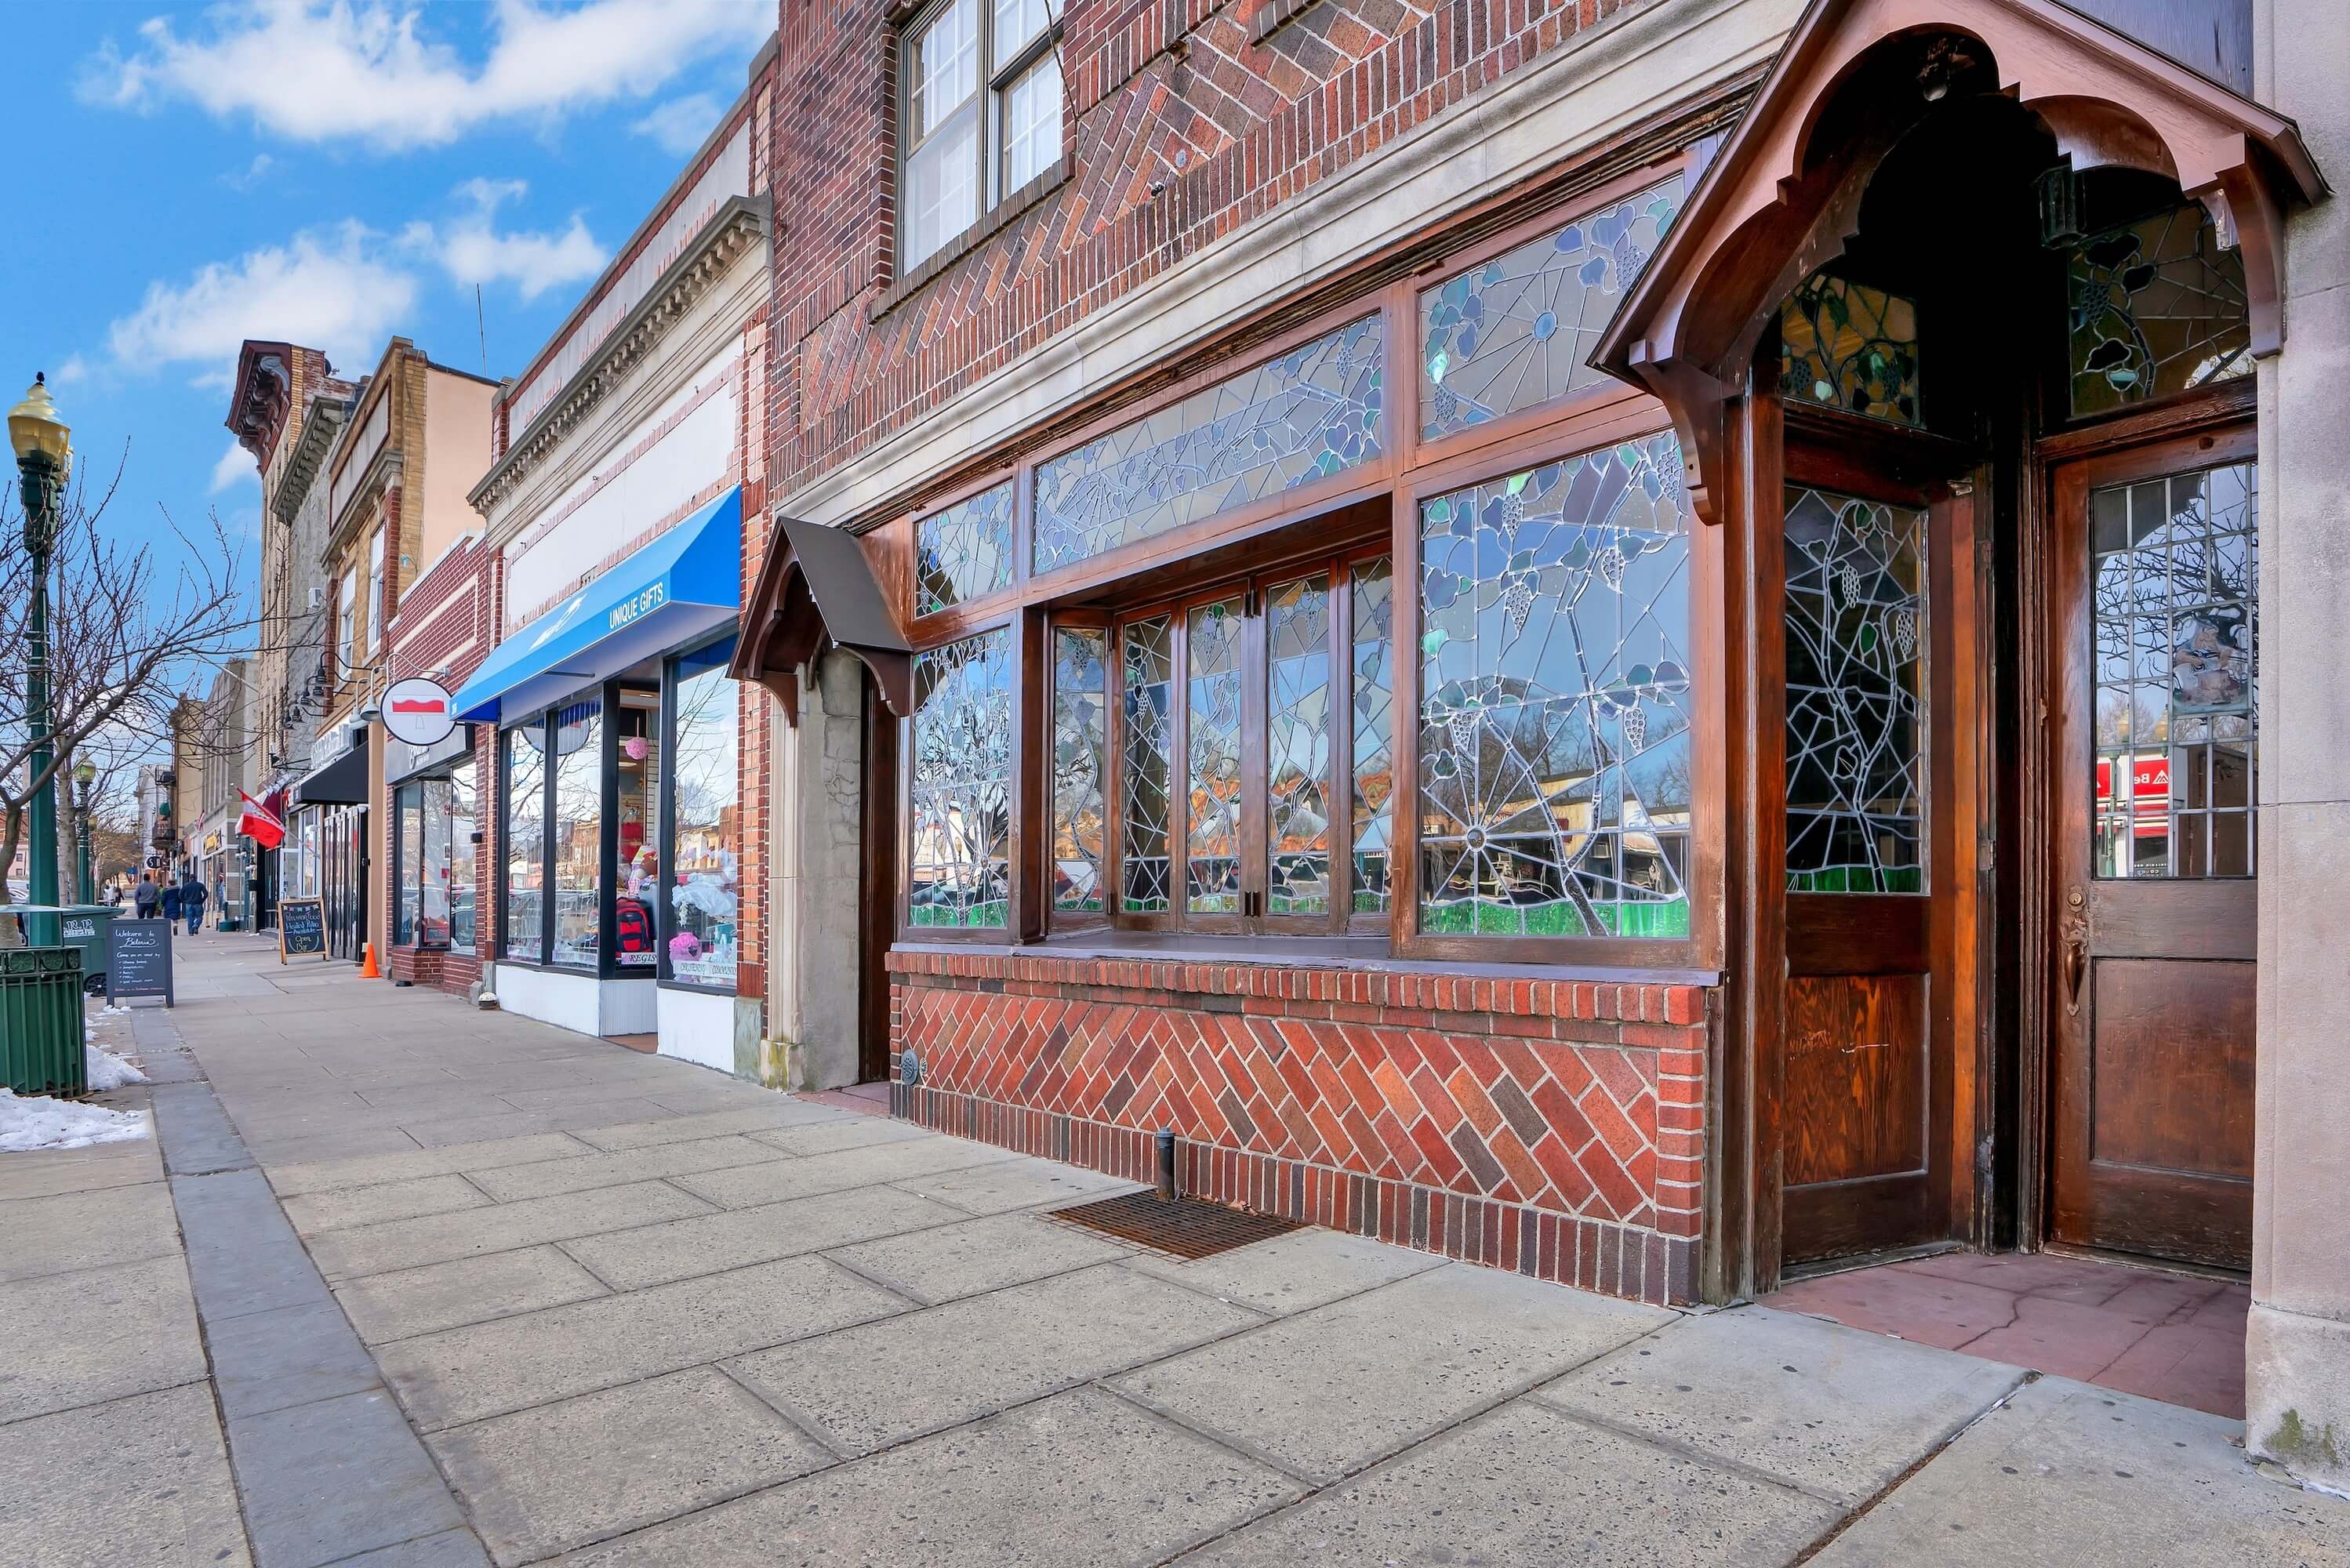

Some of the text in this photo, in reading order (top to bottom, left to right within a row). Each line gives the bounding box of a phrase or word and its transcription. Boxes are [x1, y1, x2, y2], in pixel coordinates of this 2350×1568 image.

[609, 597, 638, 629] UNIQUE
[640, 582, 663, 612] GIFTS
[295, 935, 311, 945] Open
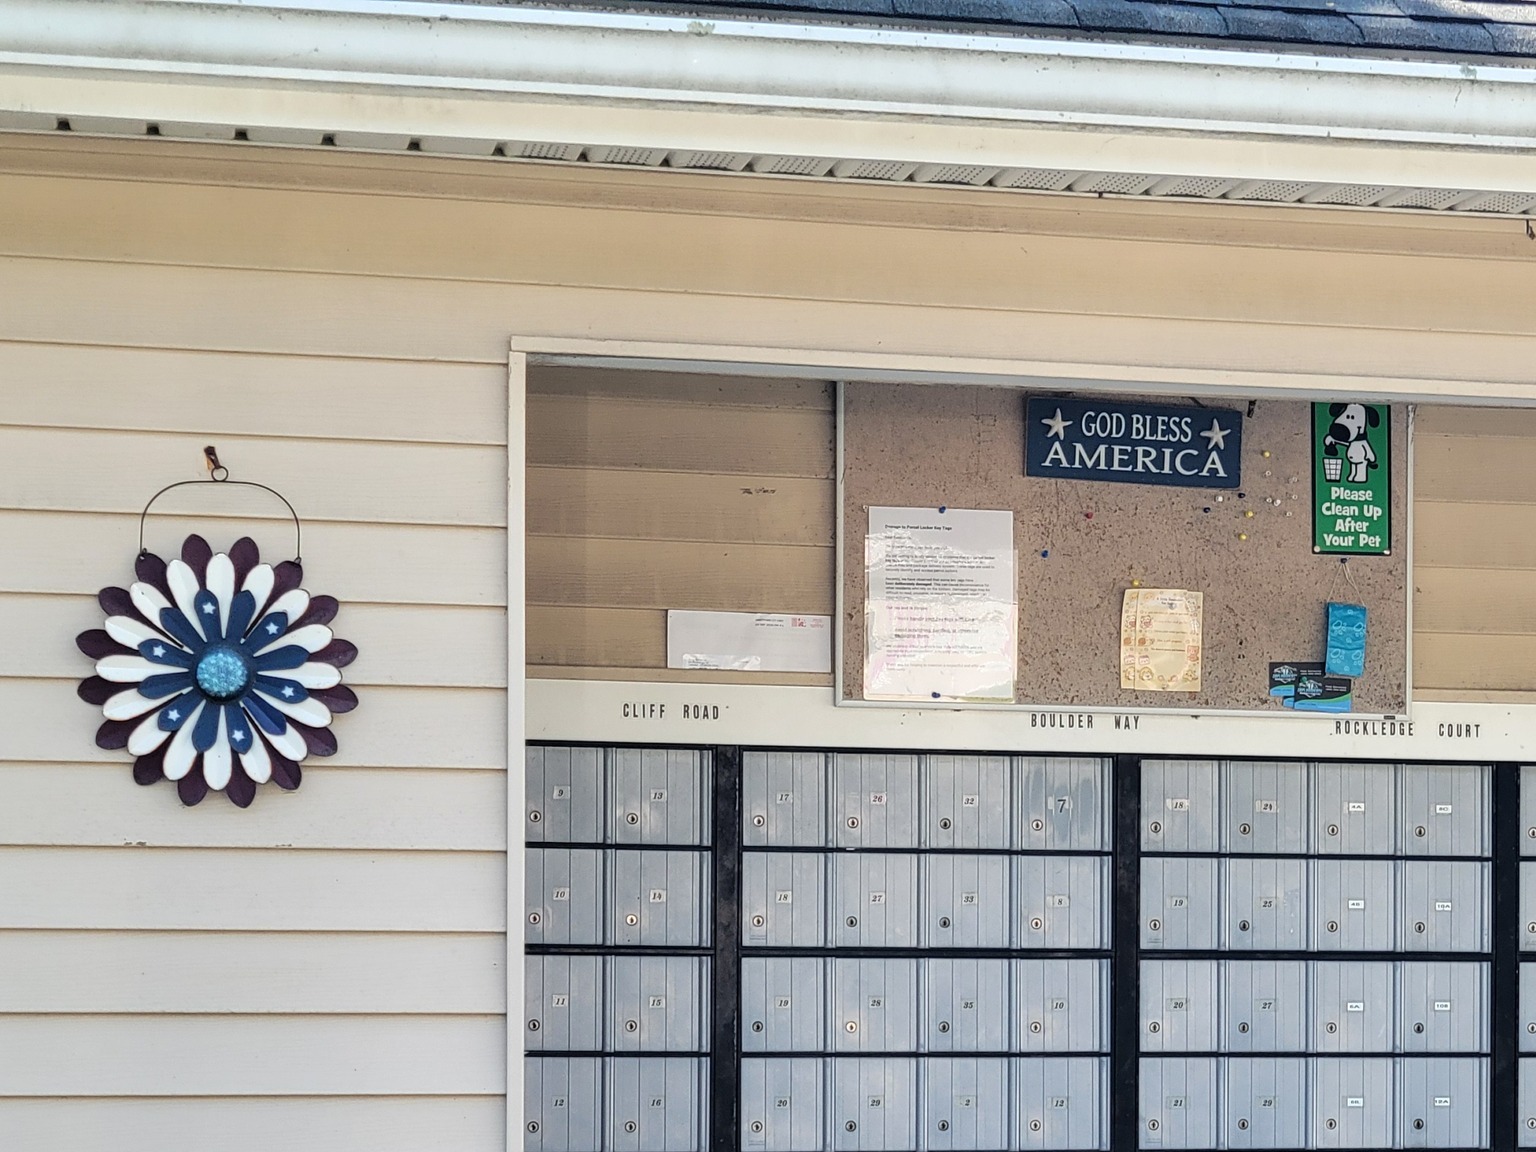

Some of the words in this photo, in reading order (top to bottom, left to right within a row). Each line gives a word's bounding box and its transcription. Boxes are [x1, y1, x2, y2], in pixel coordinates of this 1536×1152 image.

[1081, 411, 1125, 438] GOD
[1131, 414, 1192, 443] BLESS
[1041, 441, 1228, 477] AMERICA
[1331, 486, 1373, 501] Please
[1321, 502, 1358, 516] Clean
[1363, 505, 1382, 521] Up
[1335, 517, 1369, 532] After
[1323, 533, 1354, 547] Your
[1359, 535, 1381, 547] Pet
[622, 703, 666, 719] CLIFF
[683, 704, 720, 720] ROAD
[1031, 713, 1094, 729] BOULDER
[1114, 715, 1140, 730] WAY
[1335, 720, 1414, 737] ROCKLEDGE
[1438, 723, 1481, 738] COURT
[557, 789, 564, 797] 9
[652, 792, 664, 800] 13
[778, 793, 790, 802] 17
[872, 795, 883, 803] 26
[964, 797, 975, 805] 32
[1057, 798, 1067, 814] 7
[1173, 801, 1184, 809] 18
[1262, 802, 1273, 811] 24
[554, 890, 566, 899] 10
[651, 892, 663, 901] 14
[777, 893, 789, 902] 18
[871, 894, 883, 902] 27
[963, 895, 975, 903] 33
[1057, 898, 1063, 906] 8
[1173, 899, 1184, 907] 19
[1262, 900, 1273, 908] 25
[555, 997, 566, 1006] 11
[650, 998, 662, 1007] 15
[778, 999, 789, 1007] 19
[870, 999, 882, 1007] 28
[963, 1001, 974, 1009] 35
[1053, 1001, 1065, 1010] 10
[1173, 1001, 1184, 1009] 20
[1261, 1001, 1273, 1010] 27
[553, 1098, 565, 1107] 12
[650, 1098, 662, 1107] 16
[776, 1099, 788, 1107] 20
[870, 1099, 881, 1107] 29
[964, 1099, 971, 1107] 2
[1054, 1099, 1065, 1107] 12
[1173, 1099, 1183, 1107] 21
[1262, 1099, 1273, 1107] 29
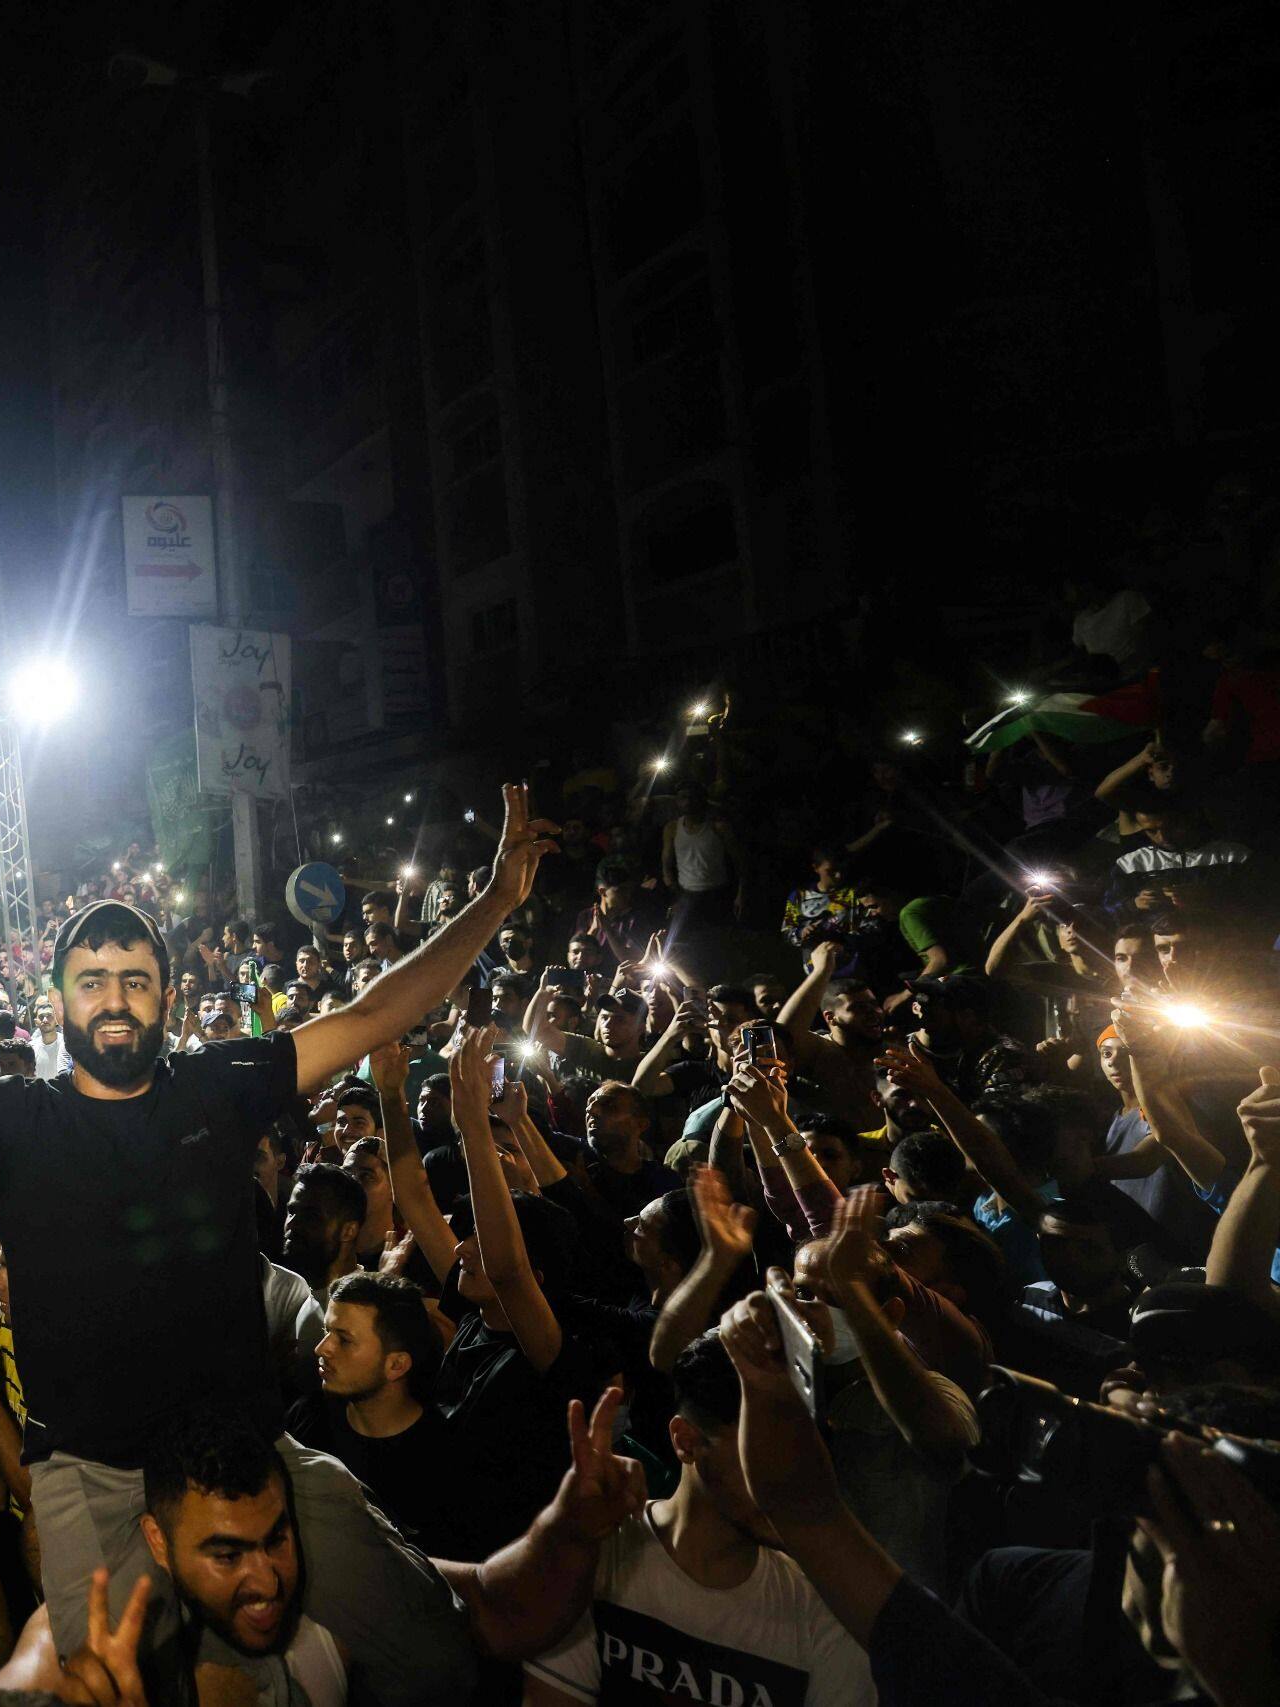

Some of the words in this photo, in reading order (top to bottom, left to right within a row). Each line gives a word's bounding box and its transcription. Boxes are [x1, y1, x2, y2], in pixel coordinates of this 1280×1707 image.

****************

### Try it:
Go through the material above and repeat it exactly. Omit the pictures.

### Task output:
Some of the text in this photo, in reading order (top to bottom, left to right within a row). Each line gives the bounding box of a phrase or word and its transcription. Boxes are [x1, y1, x2, y2], in pixel coordinates of this 2350×1568 image.

[609, 597, 638, 629] UNIQUE
[640, 582, 663, 612] GIFTS
[295, 935, 311, 945] Open

Some of the words in this photo, in reading order (top to bottom, left to right within a row). Each line gives a word's bounding box and its transcription. Boxes are [x1, y1, x2, y2], in pixel coordinates of this 1536×1152 image.

[1081, 411, 1125, 438] GOD
[1131, 414, 1192, 443] BLESS
[1041, 441, 1228, 477] AMERICA
[1331, 486, 1373, 501] Please
[1321, 502, 1358, 516] Clean
[1363, 505, 1382, 521] Up
[1335, 517, 1369, 532] After
[1323, 533, 1354, 547] Your
[1359, 535, 1381, 547] Pet
[622, 703, 666, 719] CLIFF
[683, 704, 720, 720] ROAD
[1031, 713, 1094, 729] BOULDER
[1114, 715, 1140, 730] WAY
[1335, 720, 1414, 737] ROCKLEDGE
[1438, 723, 1481, 738] COURT
[557, 789, 564, 797] 9
[652, 792, 664, 800] 13
[778, 793, 790, 802] 17
[872, 795, 883, 803] 26
[964, 797, 975, 805] 32
[1057, 798, 1067, 814] 7
[1173, 801, 1184, 809] 18
[1262, 802, 1273, 811] 24
[554, 890, 566, 899] 10
[651, 892, 663, 901] 14
[777, 893, 789, 902] 18
[871, 894, 883, 902] 27
[963, 895, 975, 903] 33
[1057, 898, 1063, 906] 8
[1173, 899, 1184, 907] 19
[1262, 900, 1273, 908] 25
[555, 997, 566, 1006] 11
[650, 998, 662, 1007] 15
[778, 999, 789, 1007] 19
[870, 999, 882, 1007] 28
[963, 1001, 974, 1009] 35
[1053, 1001, 1065, 1010] 10
[1173, 1001, 1184, 1009] 20
[1261, 1001, 1273, 1010] 27
[553, 1098, 565, 1107] 12
[650, 1098, 662, 1107] 16
[776, 1099, 788, 1107] 20
[870, 1099, 881, 1107] 29
[964, 1099, 971, 1107] 2
[1054, 1099, 1065, 1107] 12
[1173, 1099, 1183, 1107] 21
[1262, 1099, 1273, 1107] 29

Some of the words in this photo, in reading order (top to bottom, left to right within a row). Each line gives a word's bounding box and its transcription. Boxes are [x1, y1, x2, y2], in pixel coordinates of this 1280×1707 image.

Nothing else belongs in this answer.